Monday, May 17, 2010

Mailbag Day 2

Today's question comes once again from Maureen Allen (Thanks so much Mo for all the questions!).  She asks:

What have you done this time around that is different from diets in the past that has motivated you to keep going? I have a friend who desperately wants to lose weight, but gets frustrated by the slow pace and gives up. It seems that she feels defeated by her weight. Do you have any advice for people going through the same thing?

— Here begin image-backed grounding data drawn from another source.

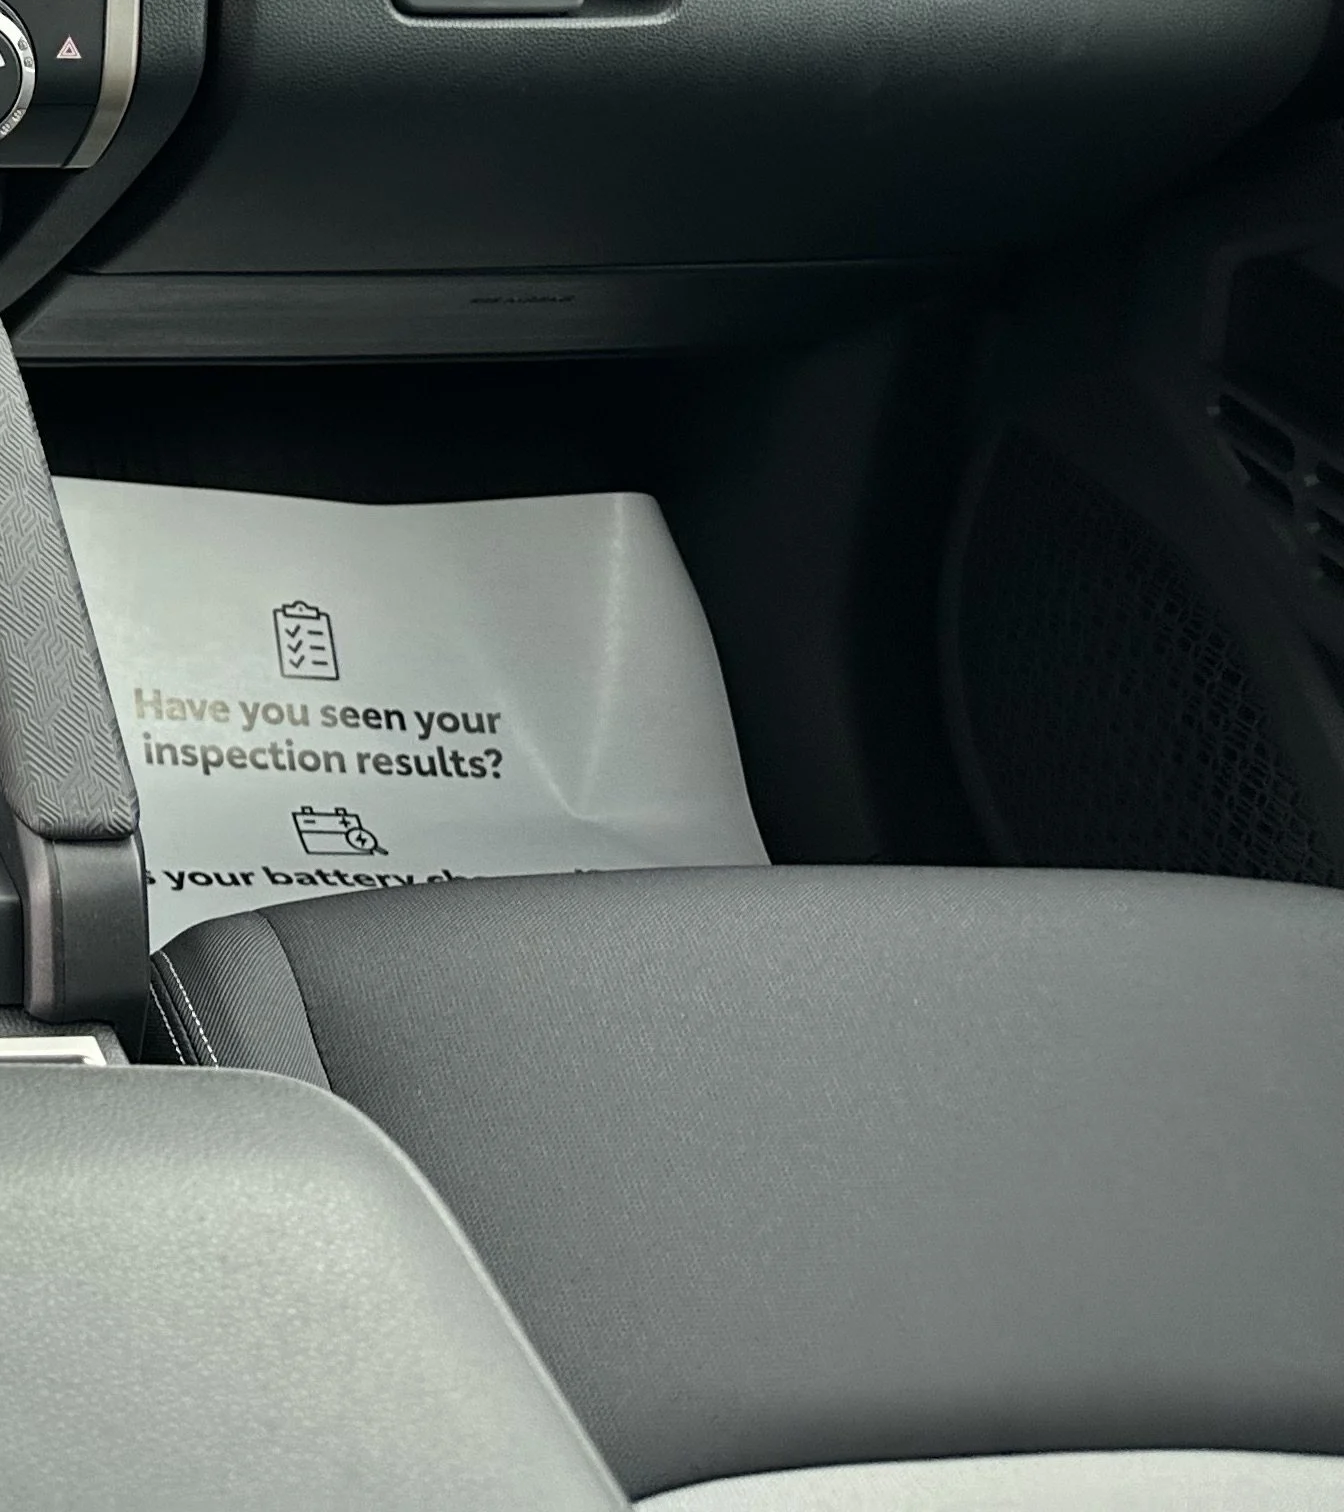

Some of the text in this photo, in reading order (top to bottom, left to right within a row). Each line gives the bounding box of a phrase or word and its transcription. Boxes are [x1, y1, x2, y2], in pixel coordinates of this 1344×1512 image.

[131, 687, 503, 741] Have you seen your
[142, 732, 505, 781] inspection results?
[163, 868, 256, 891] your
[261, 865, 415, 888] battery
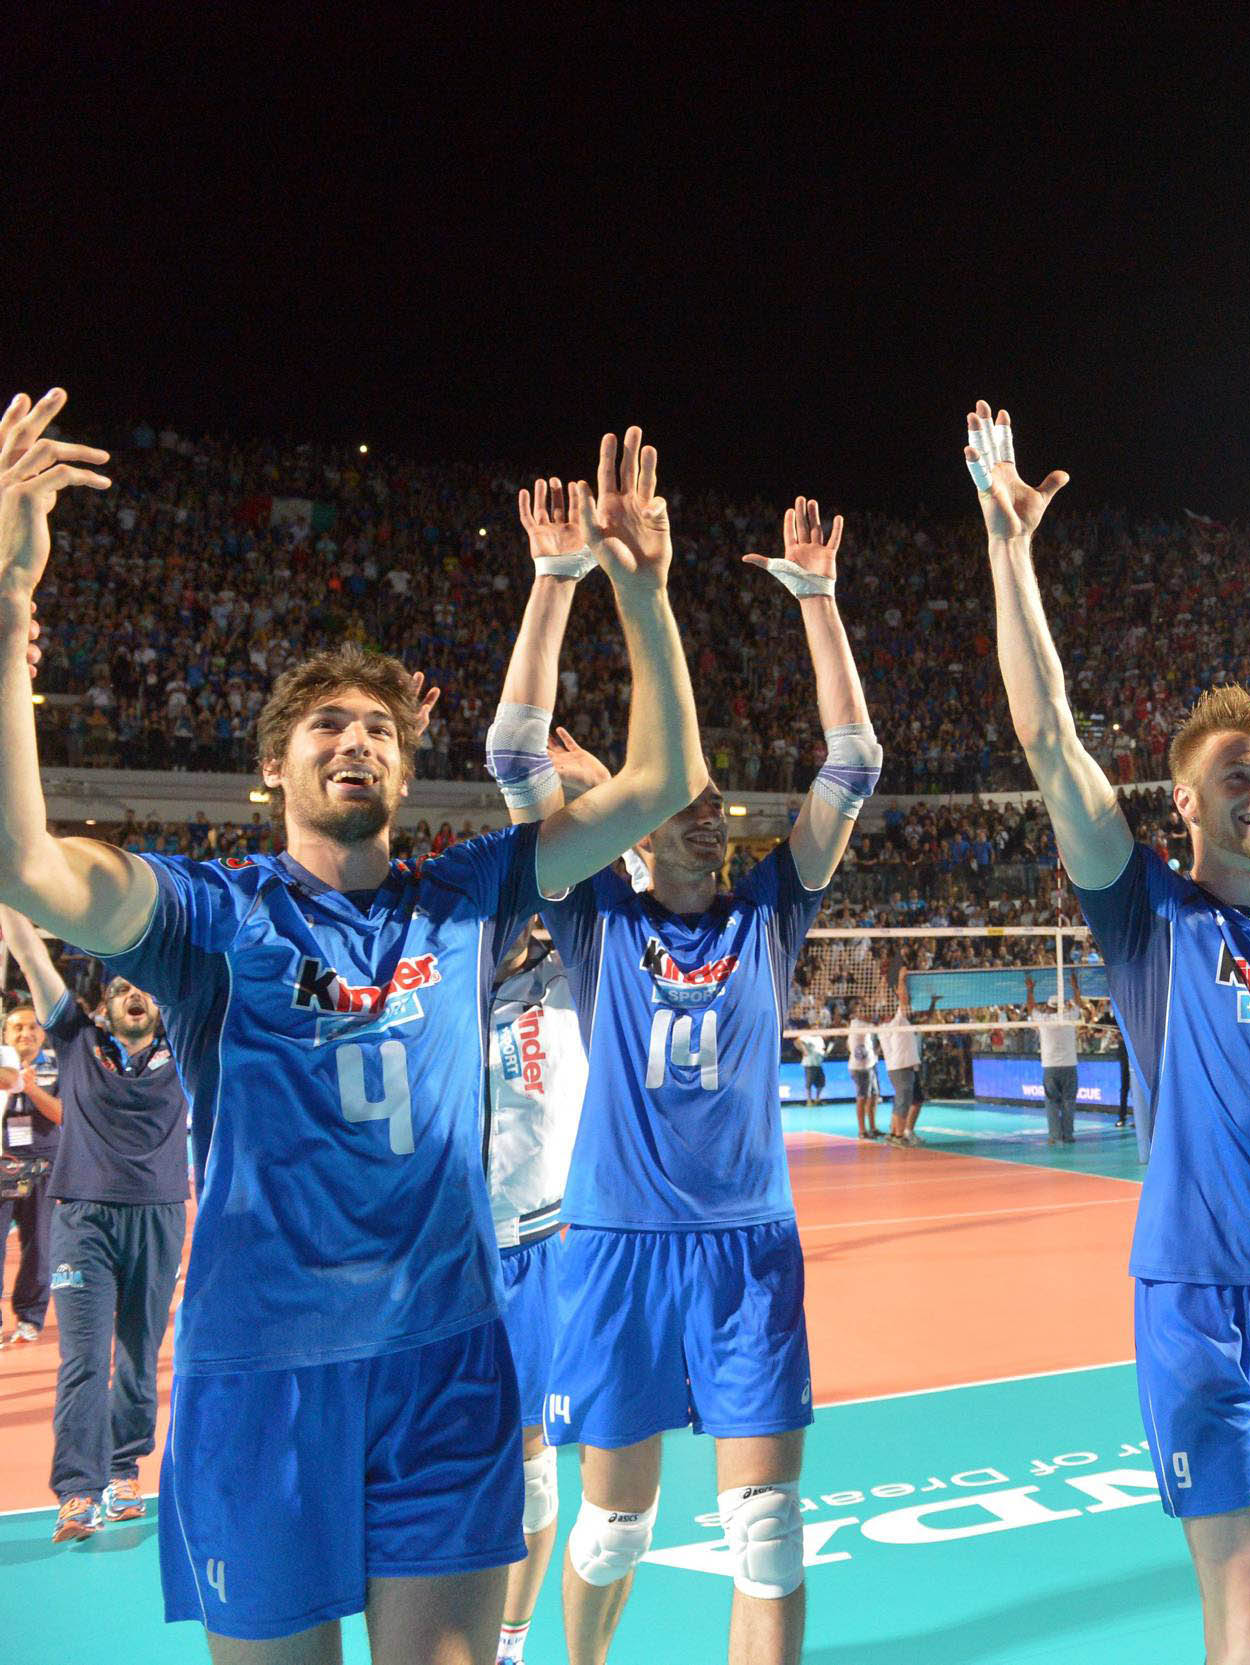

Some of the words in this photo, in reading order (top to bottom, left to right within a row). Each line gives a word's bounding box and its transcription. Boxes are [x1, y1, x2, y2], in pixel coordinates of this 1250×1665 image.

This is the question that made me decide to split things up into multiple days   It is not an easy one to answer briefly.  I know exactly how Mo's friend feels.  I have never been thin.  I was a chunky kid and by the time I was in middle school I was fat and I have been fat ever since.  I played sports as a kid, I ate some junk, but I also ate what was on my plate.  I do not want to sound like I am blaming my family.  I always ate too much of the wrong things and my parents did the best they could to make me at least try the right ones.  My mom at times was working 4 jobs and still made time to cook when possible.  My dad was a bachelor for most of my childhood, so cooking at his place was something that had to be kind of easy.  I was a very picky eater and I was always willing to take an extra helping of the stuff I should have been moderate with.  I am predisposed to weight gain and obesity, so I needed to exercise restraint and self control, things I haven't had the maturity or willpower to do until now.

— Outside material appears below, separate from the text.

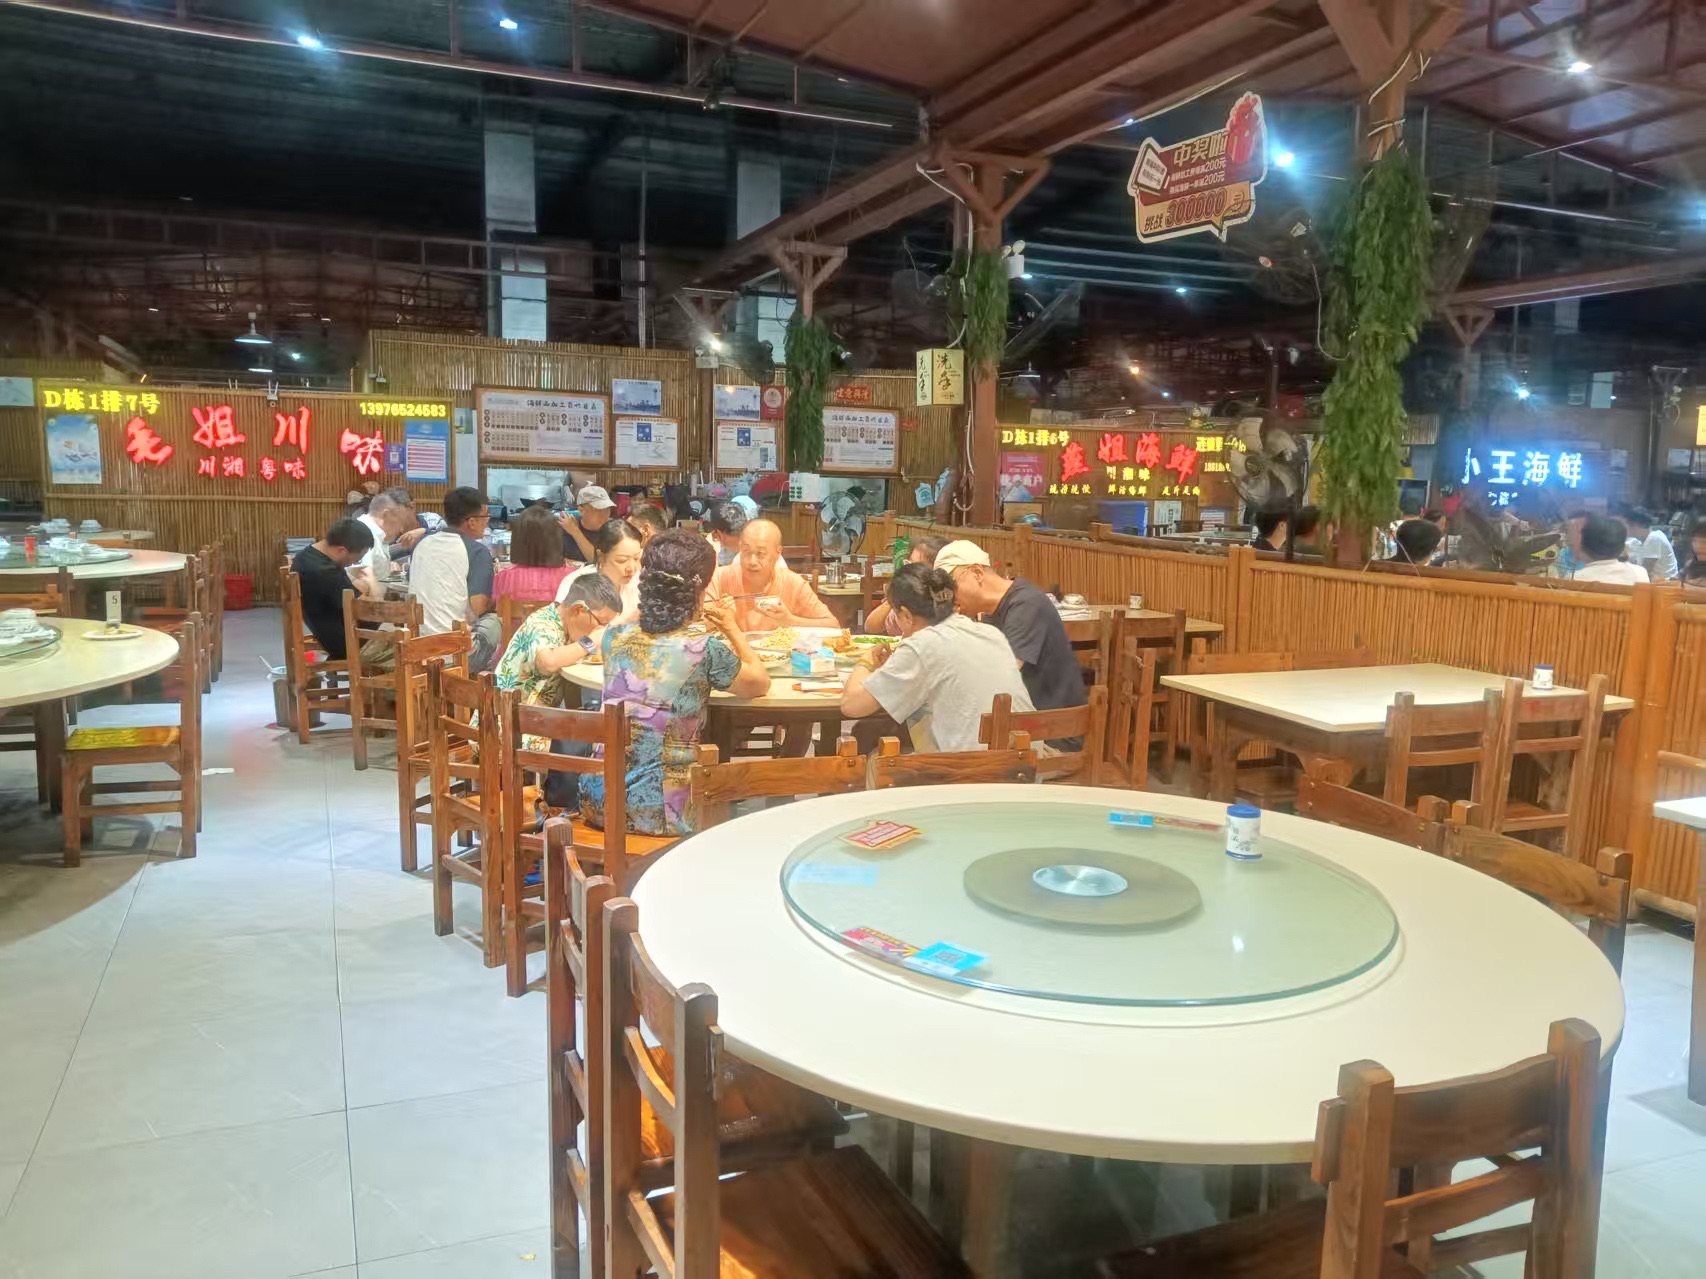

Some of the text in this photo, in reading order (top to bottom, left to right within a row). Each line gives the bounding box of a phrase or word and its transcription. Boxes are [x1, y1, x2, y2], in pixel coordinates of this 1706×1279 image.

[43, 388, 161, 415] D栋1排7号
[1001, 429, 1070, 447] D栋1排6号
[1461, 447, 1583, 488] 小王海鲜

I hadn't really tried too many diets before.  The one real go at it I had in the past went well until I gave up because of the time and expense required to cook frequently and make sure I was eating the right things.  Add to that the fact that for some reason I really did not want to lose the weight yet.  I wanted to be thinner, but I was afraid of the process and of the change.  Having never been thin I felt that, in a way, my size was my identity.  I was the funny fat guy.  I was Chase, the big teddy bear.  I was also terrified of failing.  I hate failure, but rarely am I willing to put in the effort to guarantee success, so I never start.  It wasn't until I was able to successfully quit smoking that I could see past all of that and feel that I had the tools I needed to get the job done.

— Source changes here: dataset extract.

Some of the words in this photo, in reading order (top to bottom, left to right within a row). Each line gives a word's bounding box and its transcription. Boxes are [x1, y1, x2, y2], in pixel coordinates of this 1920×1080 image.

The biggest single difference from anything I have ever tried before is that I am not trying to lose weight.  I am tracking my weight loss in this blog, and I get a bit obsessed at times with my goals, but ultimately what I am doing is not "trying to lose weight".  I am trying to be healthy.  I am trying to learn to make the best of all available choices.  I am trying to build good habits, and when I have good habits, to use Polonius' phrase "and it must follow, as the night the day", will lose weight.  I am also trying to have fun with it.  It is not about dieting.  I have given some things up forever.  I have decided that some things I will only have every once in a while. But I am cooking and learning about new foods and flavors.  I am relishing the challenge of finding something I can be happy with at every restaurant I go to, and I usually do.  I am finding the right balance of structure and spontaneity to give me the best shot at succeeding.

My best advice is manifold.  Do not think about it as a diet, as a sacrifice, as punishment for bad choices.  Think about it as a lifestyle change, as an opportunity, a chance to explore new things.  Make sure you are ready and really want to be healthy.  I know everybody wants health, but you have to be ready to do the things to get it, and want that change.  The hardest advice I can give is to love yourself as you are.  You cannot start if you are not willing to fail, and the fear of failure will cripple you completely if you don't accept and love who you are at that moment.  I don't mean to be satisfied with yourself.  I want so many things for myself.  I don't want to ever be satisfied with myself, because then I stop trying to be better, be it as a person, an actor, or as a friend.  It sounds cheesy, but know that the outside does not reflect the inside and that being overweight is no reflection of the kind of person you are.  I wish that last part didn't need saying, but it seems that many folks think that being fat means you are weak or stupid or greedy.  Many overweight people privately feel that way about themselves.  You cannot do something this hard feeling that way.

It is going to be slow and difficult.  There is not much you can do about that.  At least once a week I want to punch a hole in a wall because it feels like I will never get to where I want to be.  I try to think about the real goals I have, to be healthy and happy, and it really helps.

I hope that answers the question and helps anybody who wants to start along a similar path.  I can only say what has worked for me, so take it all with a grain of salt.  See you again tomorrow.